— Try it —
What you output must match the entries exactly, apart from the pictures, which are left out.

— Input —
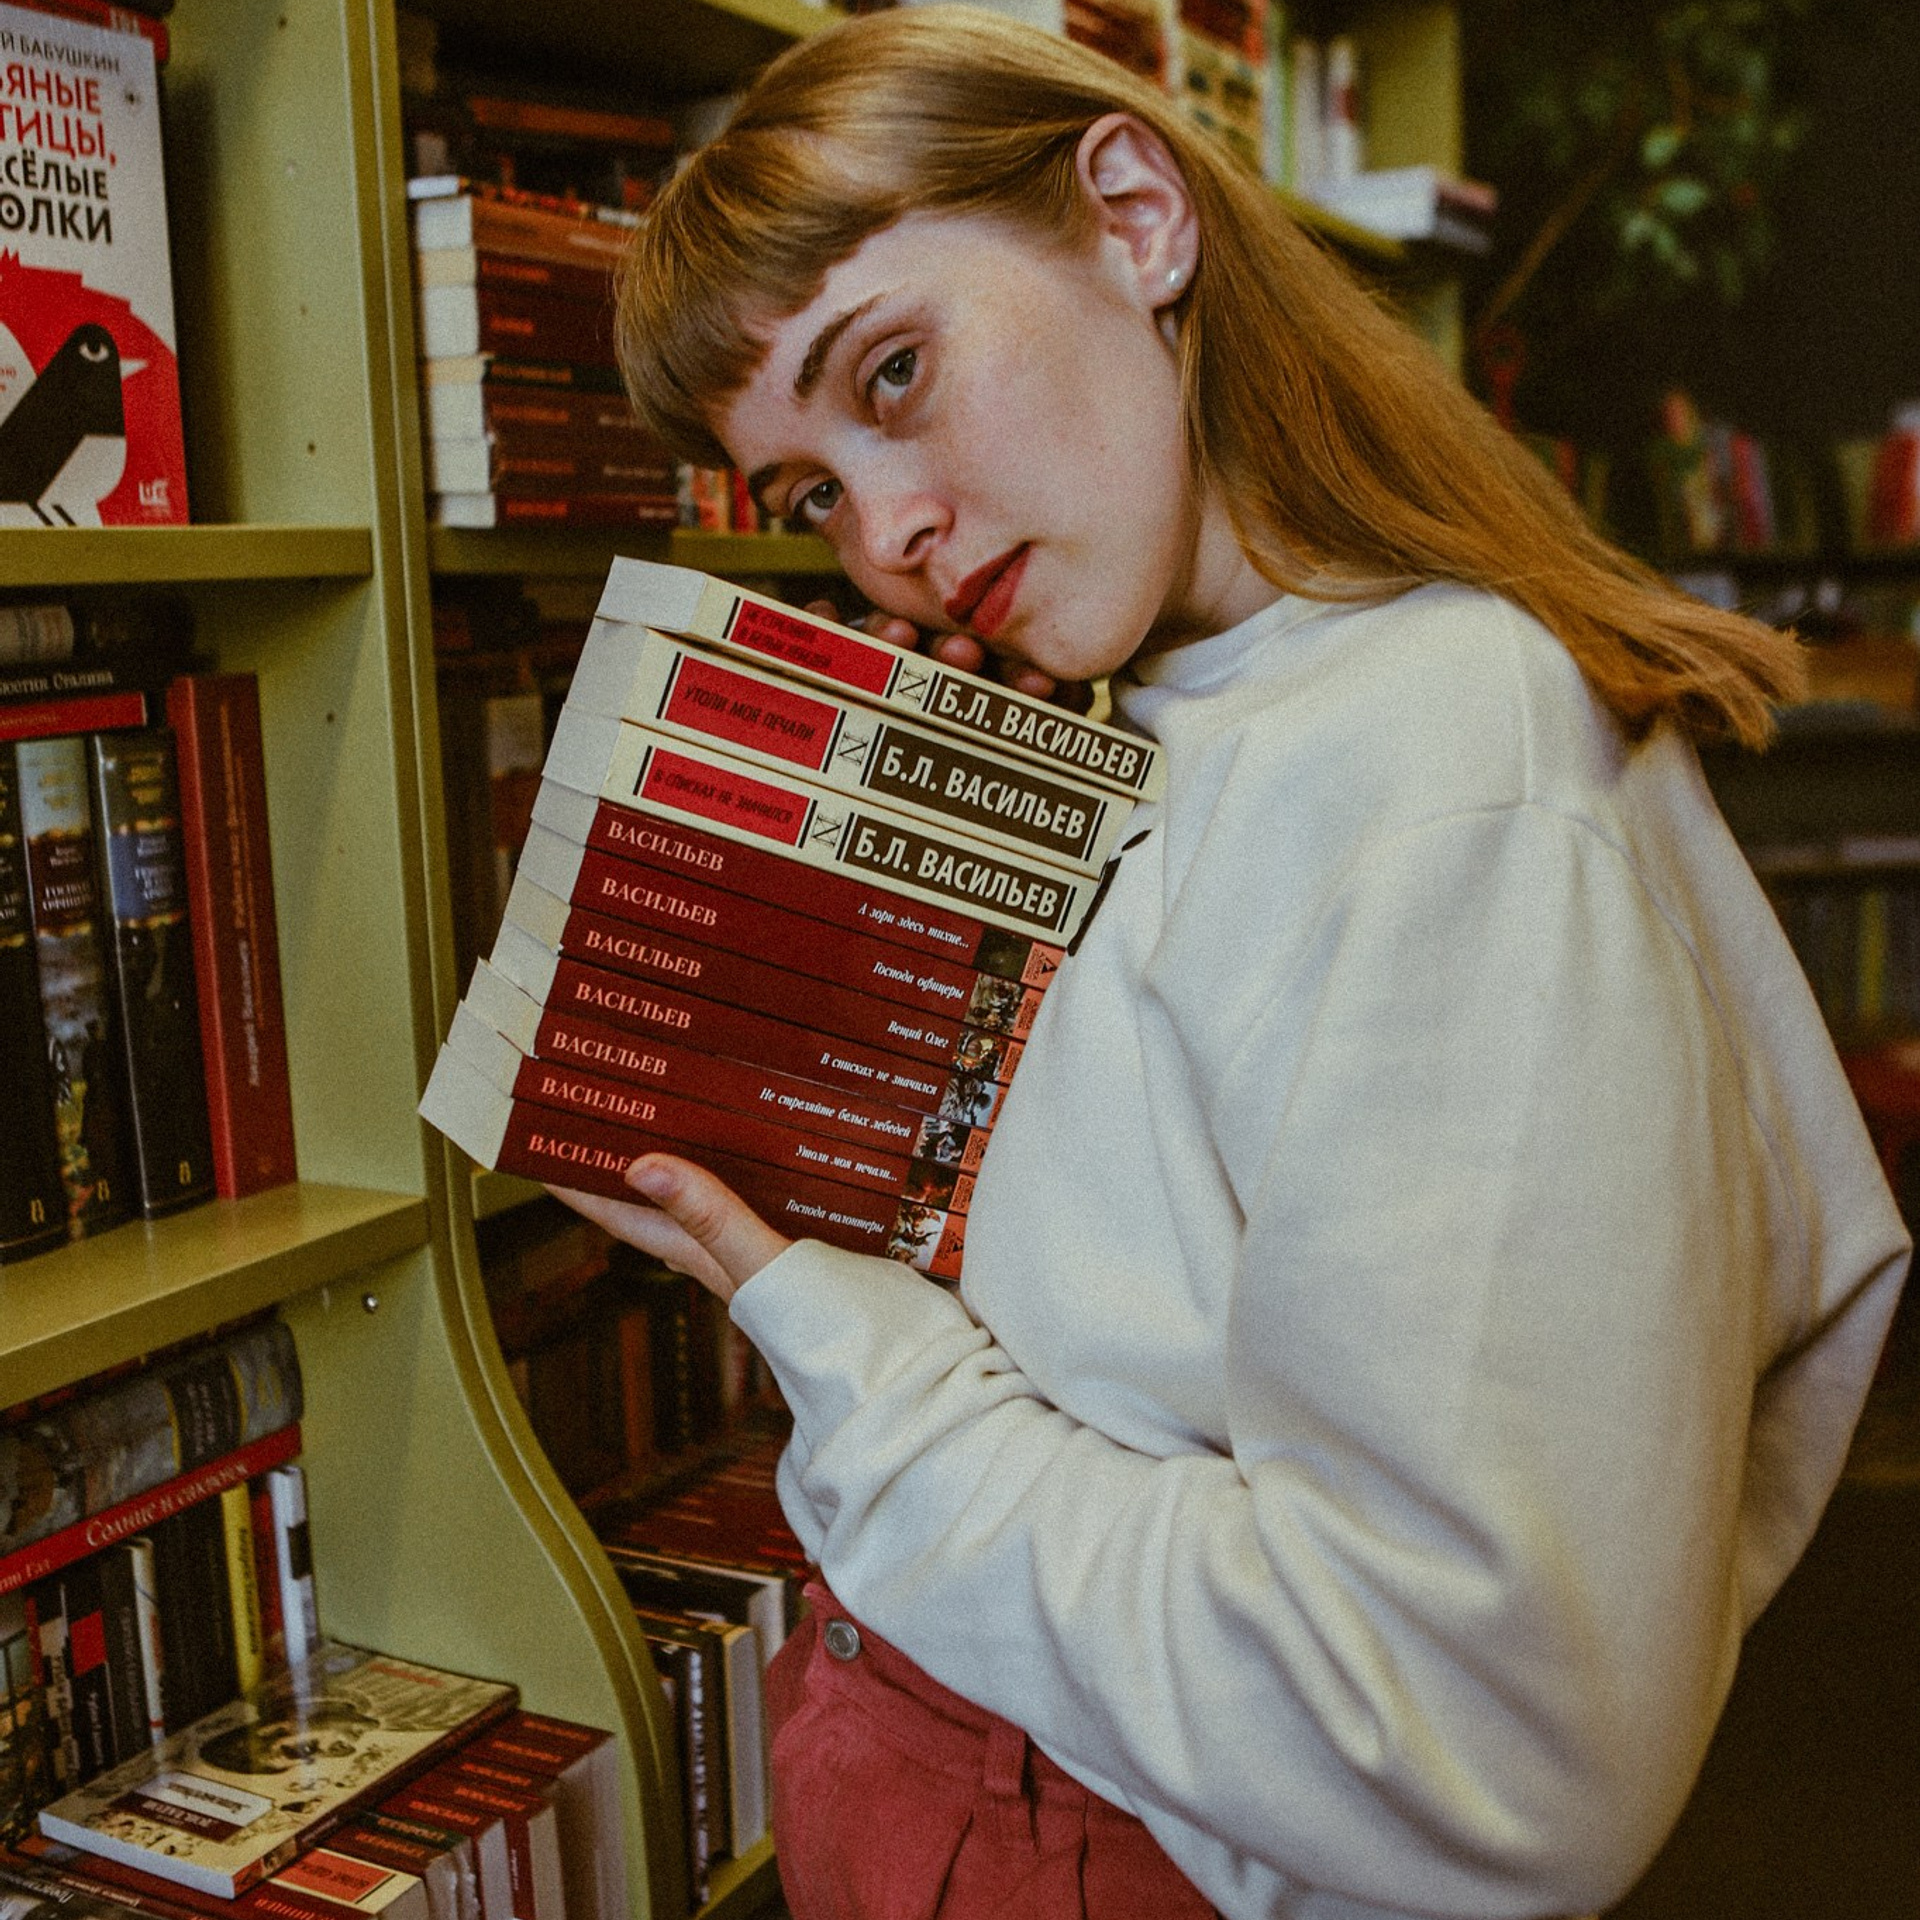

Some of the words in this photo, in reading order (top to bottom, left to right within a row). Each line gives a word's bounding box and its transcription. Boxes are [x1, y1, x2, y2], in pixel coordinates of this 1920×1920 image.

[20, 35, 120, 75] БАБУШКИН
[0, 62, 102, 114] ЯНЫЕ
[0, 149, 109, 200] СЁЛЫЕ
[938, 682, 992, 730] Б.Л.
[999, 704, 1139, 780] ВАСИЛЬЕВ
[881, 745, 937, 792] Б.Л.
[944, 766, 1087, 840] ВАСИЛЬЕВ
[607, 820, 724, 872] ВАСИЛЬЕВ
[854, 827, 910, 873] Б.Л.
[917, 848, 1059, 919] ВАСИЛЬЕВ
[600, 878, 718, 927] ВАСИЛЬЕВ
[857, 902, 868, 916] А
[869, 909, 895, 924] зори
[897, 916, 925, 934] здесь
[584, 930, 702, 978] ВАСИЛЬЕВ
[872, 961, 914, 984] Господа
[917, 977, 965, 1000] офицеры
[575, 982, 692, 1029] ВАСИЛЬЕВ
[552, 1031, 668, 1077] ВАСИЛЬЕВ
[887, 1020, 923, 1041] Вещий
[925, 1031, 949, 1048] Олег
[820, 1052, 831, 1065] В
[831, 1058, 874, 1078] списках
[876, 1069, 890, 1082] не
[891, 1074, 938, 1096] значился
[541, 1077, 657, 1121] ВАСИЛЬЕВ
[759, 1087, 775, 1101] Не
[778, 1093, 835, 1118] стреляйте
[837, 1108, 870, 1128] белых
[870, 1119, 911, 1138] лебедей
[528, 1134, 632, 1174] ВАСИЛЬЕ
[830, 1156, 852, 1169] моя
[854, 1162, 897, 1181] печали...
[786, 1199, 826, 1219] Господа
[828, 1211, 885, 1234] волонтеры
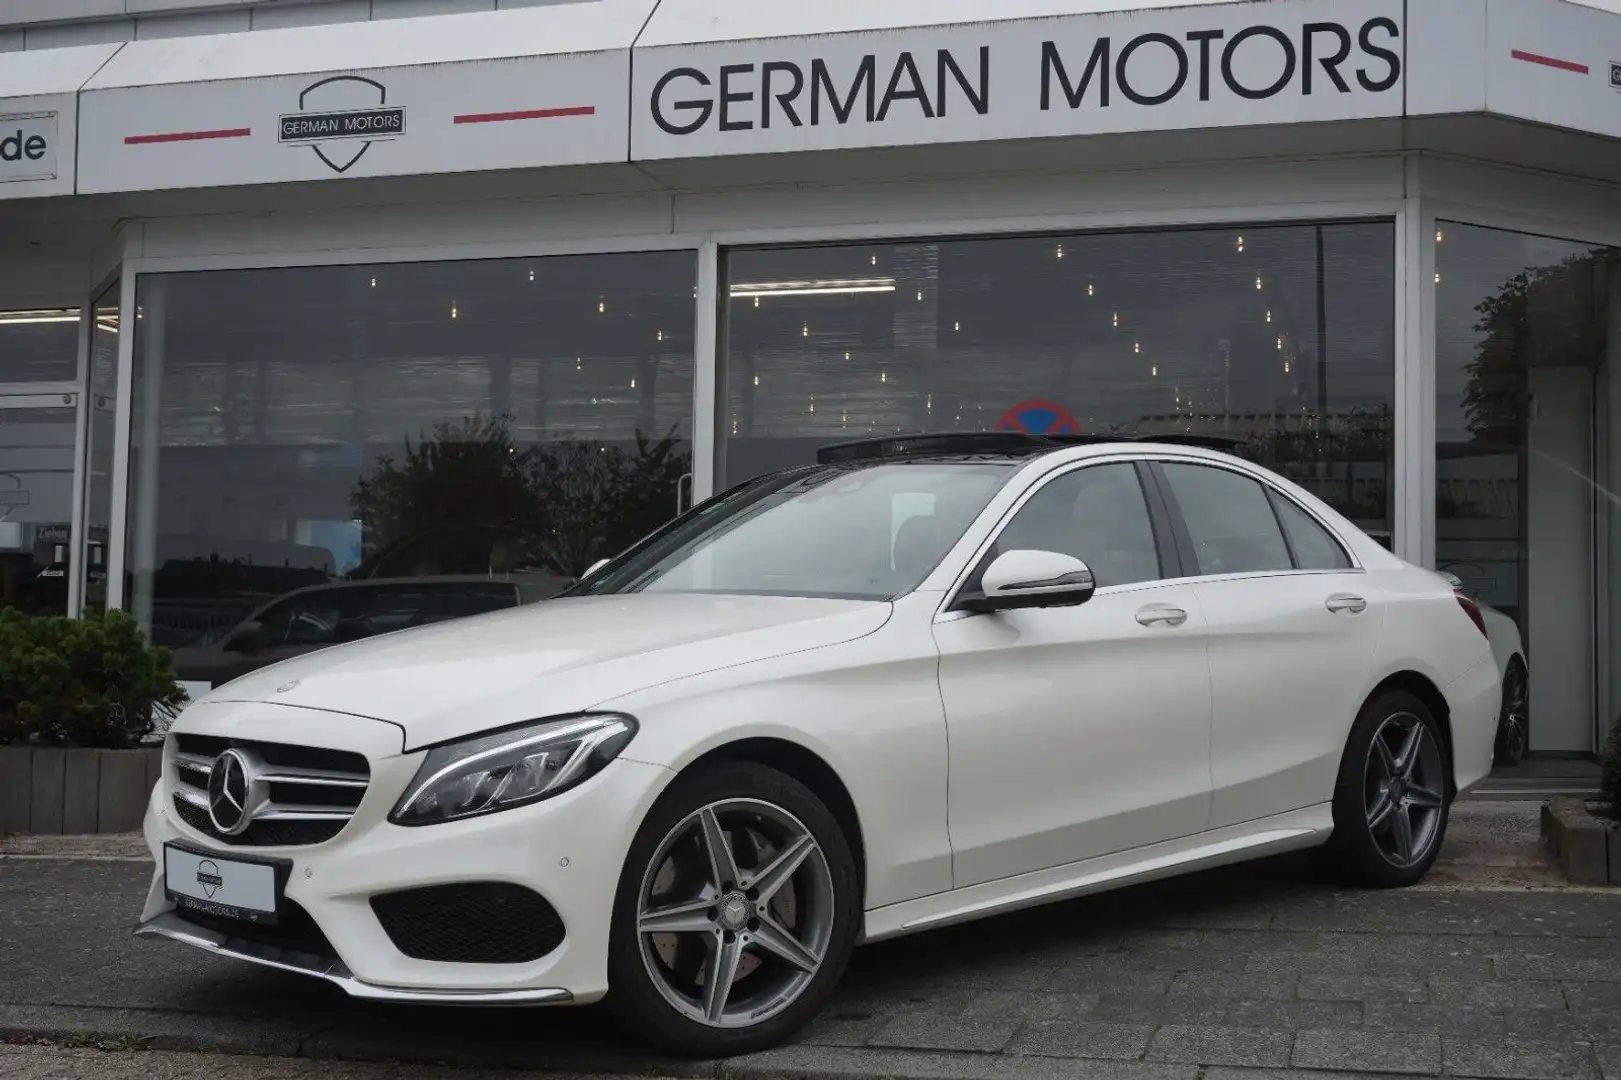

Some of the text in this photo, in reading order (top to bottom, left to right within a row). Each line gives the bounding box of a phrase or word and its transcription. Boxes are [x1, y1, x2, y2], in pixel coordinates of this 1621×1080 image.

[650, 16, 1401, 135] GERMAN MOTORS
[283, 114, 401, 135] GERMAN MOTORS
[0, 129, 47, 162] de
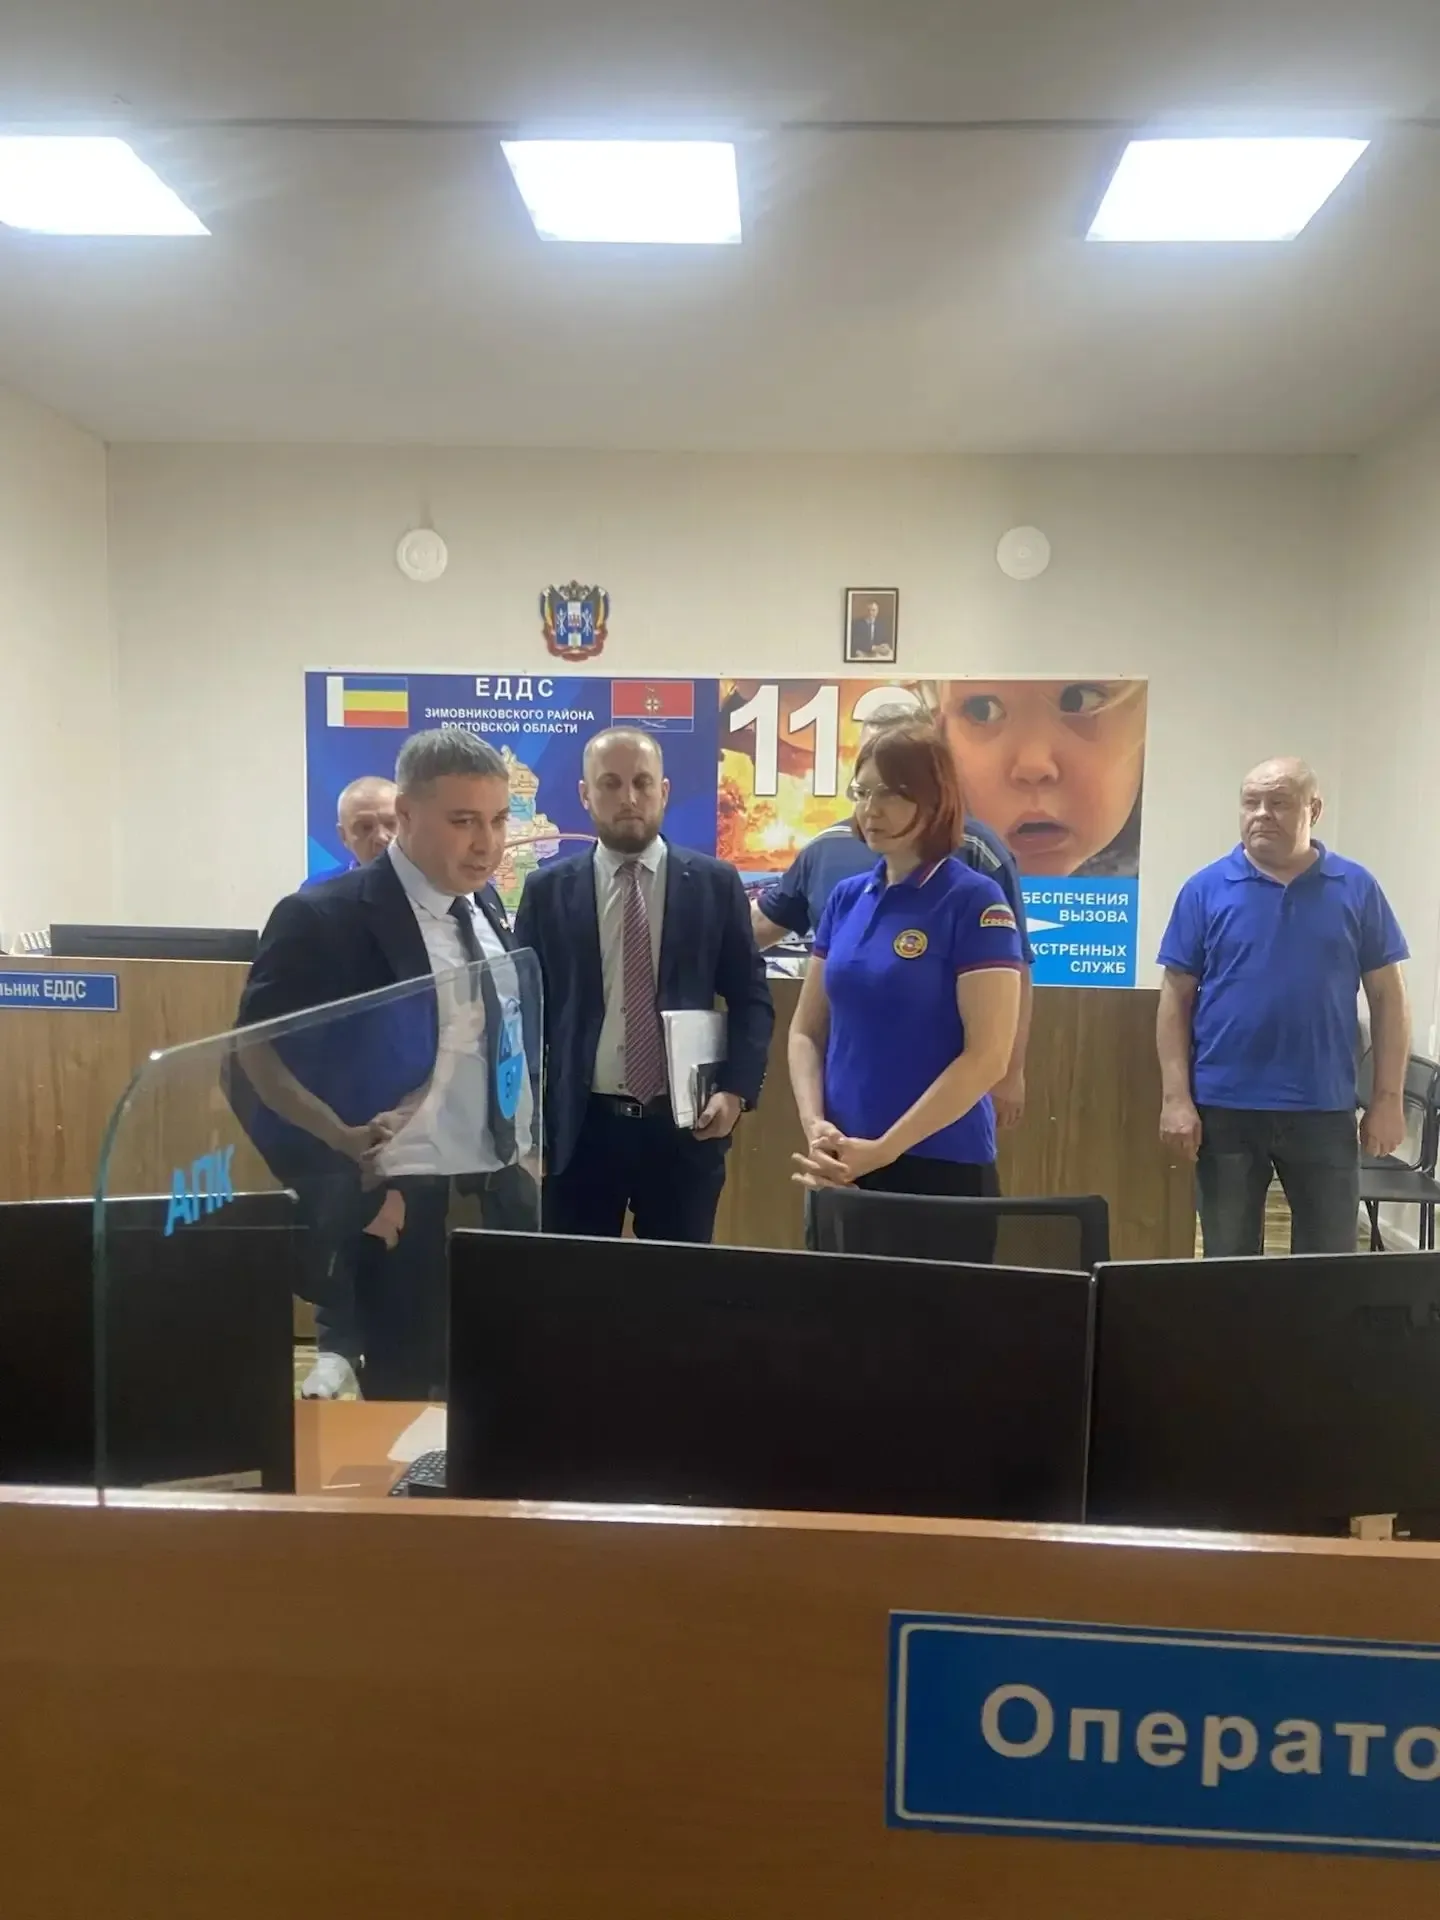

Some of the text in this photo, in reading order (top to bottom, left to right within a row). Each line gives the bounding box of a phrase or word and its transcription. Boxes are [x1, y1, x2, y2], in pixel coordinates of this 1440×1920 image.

— Your response —
Some of the words in this photo, in reading order (top to bottom, left to right within a row). Each line gives a word's bounding box and its transcription. Boxes are [x1, y1, x2, y2], in pixel coordinates of this 1920×1920 image.

[20, 35, 120, 75] БАБУШКИН
[0, 62, 102, 114] ЯНЫЕ
[0, 149, 109, 200] СЁЛЫЕ
[938, 682, 992, 730] Б.Л.
[999, 704, 1139, 780] ВАСИЛЬЕВ
[881, 745, 937, 792] Б.Л.
[944, 766, 1087, 840] ВАСИЛЬЕВ
[607, 820, 724, 872] ВАСИЛЬЕВ
[854, 827, 910, 873] Б.Л.
[917, 848, 1059, 919] ВАСИЛЬЕВ
[600, 878, 718, 927] ВАСИЛЬЕВ
[857, 902, 868, 916] А
[869, 909, 895, 924] зори
[897, 916, 925, 934] здесь
[584, 930, 702, 978] ВАСИЛЬЕВ
[872, 961, 914, 984] Господа
[917, 977, 965, 1000] офицеры
[575, 982, 692, 1029] ВАСИЛЬЕВ
[552, 1031, 668, 1077] ВАСИЛЬЕВ
[887, 1020, 923, 1041] Вещий
[925, 1031, 949, 1048] Олег
[820, 1052, 831, 1065] В
[831, 1058, 874, 1078] списках
[876, 1069, 890, 1082] не
[891, 1074, 938, 1096] значился
[541, 1077, 657, 1121] ВАСИЛЬЕВ
[759, 1087, 775, 1101] Не
[778, 1093, 835, 1118] стреляйте
[837, 1108, 870, 1128] белых
[870, 1119, 911, 1138] лебедей
[528, 1134, 632, 1174] ВАСИЛЬЕ
[830, 1156, 852, 1169] моя
[854, 1162, 897, 1181] печали...
[786, 1199, 826, 1219] Господа
[828, 1211, 885, 1234] волонтеры

Some of the text in this photo, in reading order (top to bottom, left to right within a row). Each line gives the bounding box of a phrase or word and its transcription. Boxes are [x1, y1, x2, y2], in pixel coordinates of this 1621×1080 image.

[650, 16, 1401, 135] GERMAN MOTORS
[283, 114, 401, 135] GERMAN MOTORS
[0, 129, 47, 162] de

Some of the text in this photo, in reading order (top to bottom, left to right within a row). Each line gives the bounding box of a phrase or word and its transcription. Boxes are [x1, y1, x2, y2], in pixel coordinates of this 1440×1920 image.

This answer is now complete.